The showstopping love song "Still" sounds as if it escaped from Victor
Herbert's trunk, but its melodic construction and poetic lyric carry Maury Yeston's
stylistic signature. Larry Keith and Alma Cuervo sing the song for all it's worth,
creating the kind of moment musical theatre lovers live for. Anyone who wonders if
the musical is a dead art form only has to experience the cheers and tears that fill
the theatre when "Still" electrifies an audience.
This score is very much the work of the man who gave us Nine's
haunting "In a Very Unusual Way" and Grand Hotel's irresistible
"Love Can't Happen." The amazing opening sequence, set entirely to music,
introduces us to more than thirty characters, gives us a shipload of Titanic
statistics, and does all this with some humor and breathtaking moments of heartfelt
emotion. I also found "Ladies Maid," the number where third class
passengers share dreams of what they want to be in America, a far more moving
expression of the immigrant experience than anything in the scores of Rags
or the current Ragtime. To my mind, Titanic is Yeston's finest
accomplishment to date, and I anxiously await whatever he comes up with next.
If any musical was un-stageable, this should have been it,
but director Richard Jones and his design team came up with an ingenious concept that
allows the audience to follow the action on several decks at once. They even take us to
the crow's nest for the chilling moment when the ship has its fatal encounter with that
As complicated as the technology for all this must be, the
overall look of Titanic is sleek and simple. Rather than try to re-create a 1912
ocean liner onstage, the designers give vivid impressions: a stretch of wooden deck, the
shadow of a chandelier, or a bit of railing. The only realistic, fully furnished set is
the first class smoking room, and The sinking sequence late in Act Two is a triumph of
hydraulics, but it is also a horrifying, painfully human theatrical moment. As the ship
tilts, the people on deck slide to their deaths and ship's architect Thomas Andrews in
the smoking room meets his end amid flying glassware and furniture. I still wonder
how this amazing scene is re-enacted eight times a week without causing all sorts
of injuries, but the effect on audiences is powerful. The physical
effects do not upstage the human drama, a refreshing change from the spectacles
London has been inundating us with for far too long.
The talent on stage at the Lunt-Fontanne is a reminder why casting directors
Julie Hughes and Barry Moss are considered the best in the business. Only people
in or near the theatrical profession would know names like Alma Cuervo
(Mrs. Straus), Larry Keith (Mr. Straus) or Judith Blazer (Caroline Neville), and
no one had ever heard of newcomers like Brian d'Arcy James (stoker Fred Barrett)
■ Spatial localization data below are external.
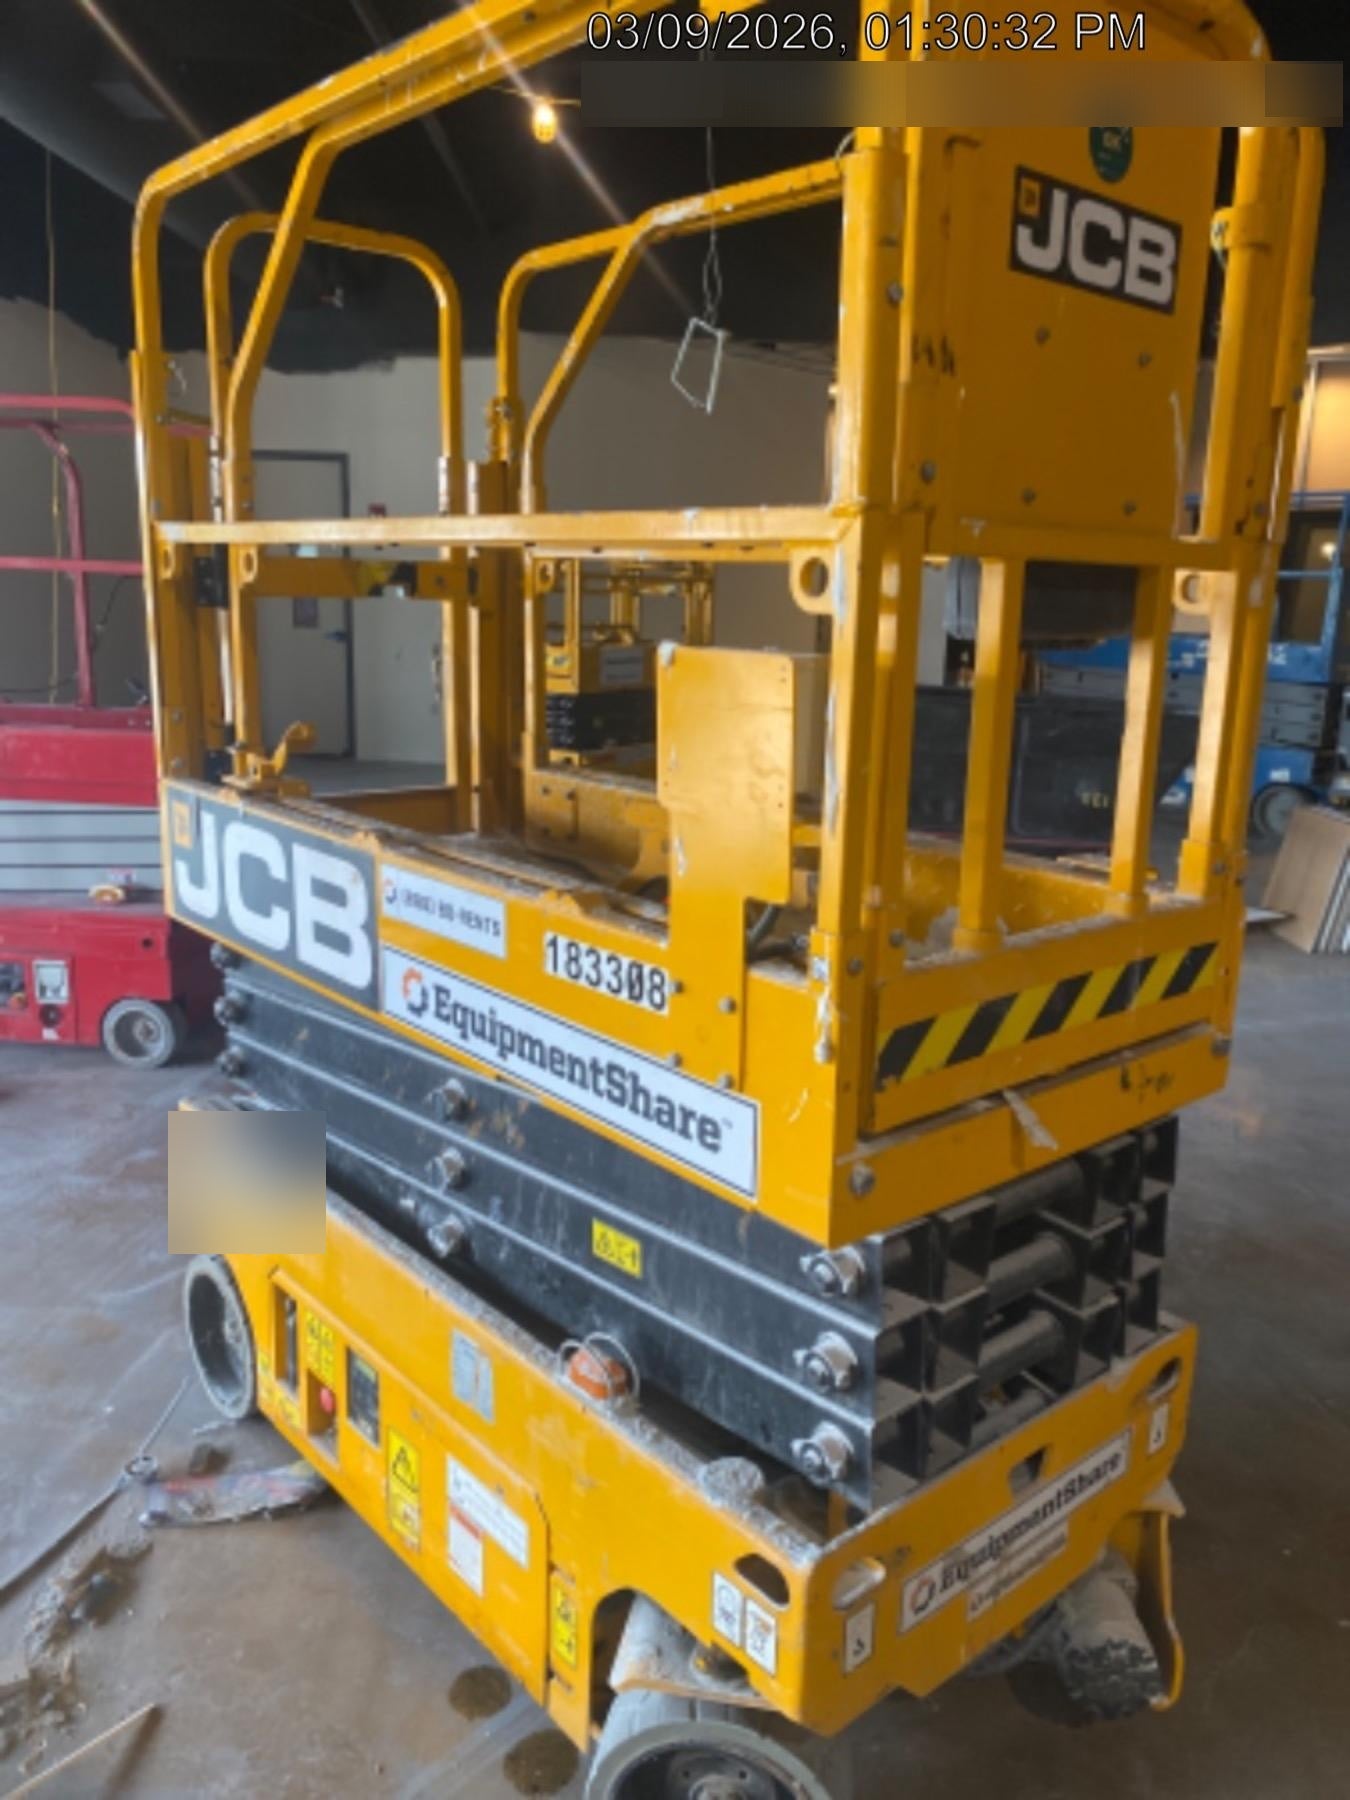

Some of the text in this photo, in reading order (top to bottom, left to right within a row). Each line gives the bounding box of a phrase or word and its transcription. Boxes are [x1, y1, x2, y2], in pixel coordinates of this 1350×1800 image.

[1015, 187, 1178, 306] JCB
[174, 810, 373, 990] JCB
[546, 935, 666, 1011] 183308
[432, 982, 722, 1155] EquipmentShare
[939, 1452, 1123, 1593] EquipmentShare
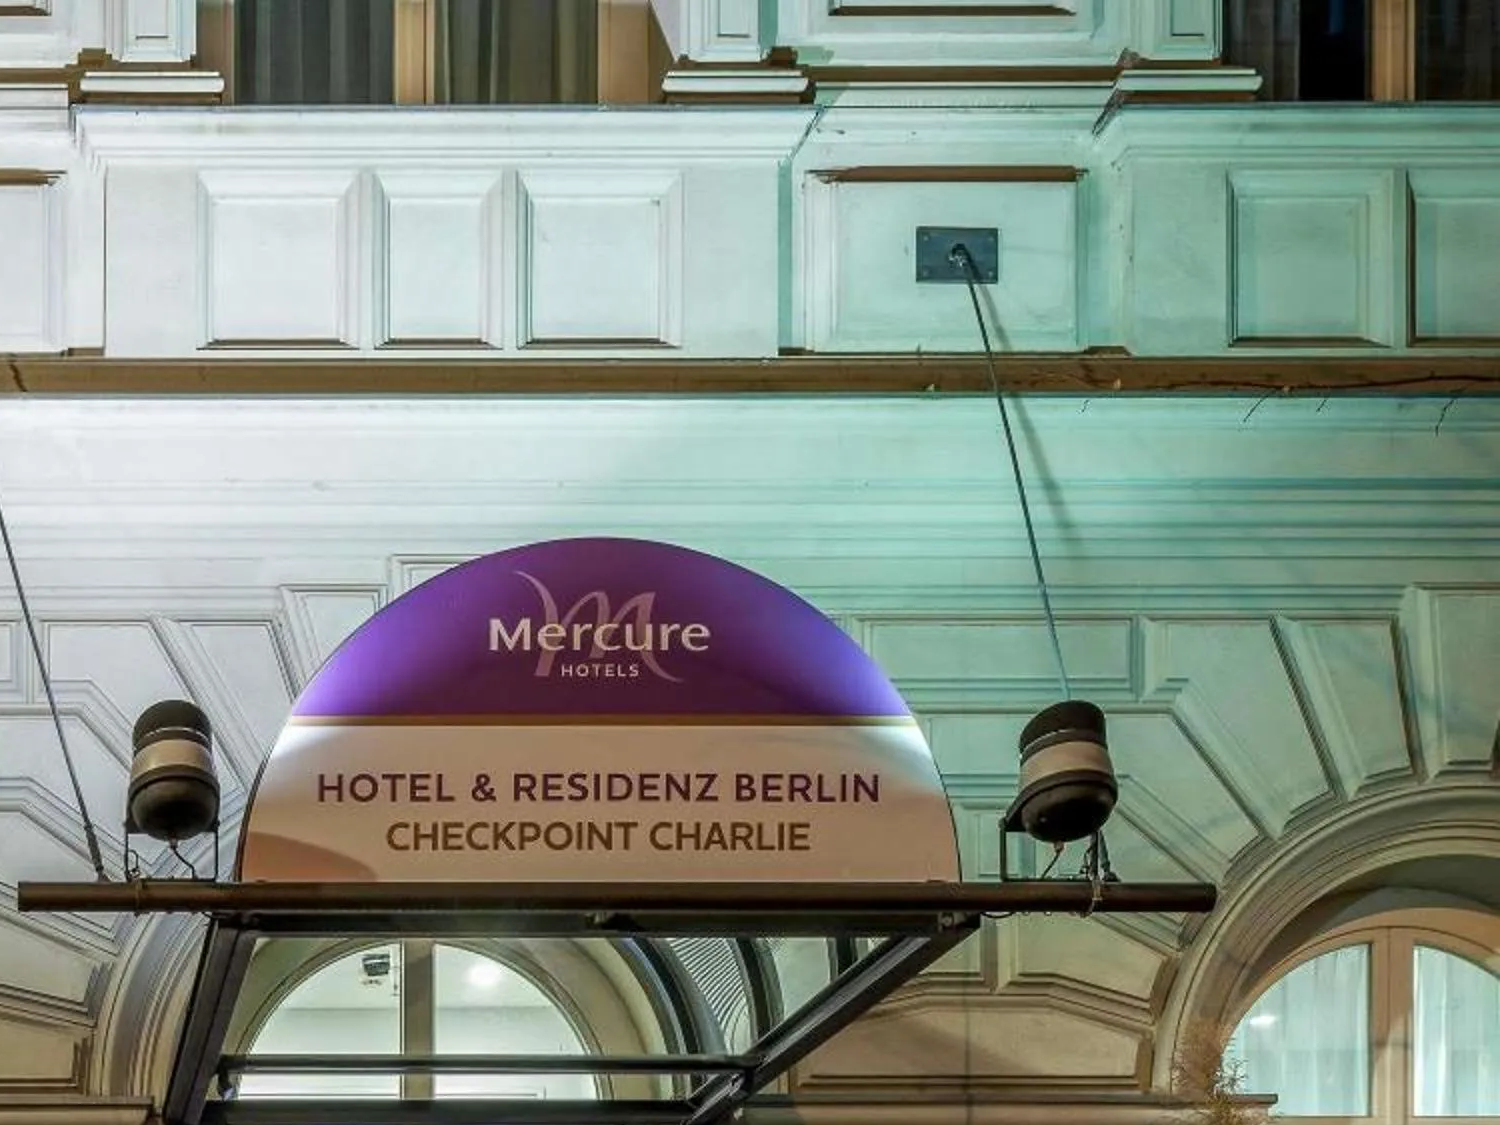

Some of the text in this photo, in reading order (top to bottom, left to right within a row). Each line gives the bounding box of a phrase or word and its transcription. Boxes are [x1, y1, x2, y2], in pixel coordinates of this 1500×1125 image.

[488, 616, 711, 652] Mercure
[560, 663, 640, 678] HOTELS
[317, 772, 880, 803] HOTEL & RESIDENZ BERLIN
[385, 820, 812, 852] CHECKPOINT CHARLIE
or Martin Moran (radioman Harold Bride). True, some musical buffs would know
Michael Cerveris (Thomas Andrews) from his appearance in Tommy, or David
Garrison (J. Bruce Ismay) from shows like A Day In Hollywood, but by and
large this is a cast of solid musical theatre pros who make every moment in
this show count. The sight of them all lined up in he opening scene (and again,
so poignantly in the finale) singing "Fortune's winds sing Godspeed to
thee" will live in my memory.
There is no doubt in my mind that Yeston and Stone's Titanic
is the finest and most important new American musical in over a decade. Three
cheers to the Dodgers and their partners for the courage to produce such a show,
and three more cheers for the theater-going public that has so enthusiastically
embraced this unlikely hit. Sail on indeed, great ship!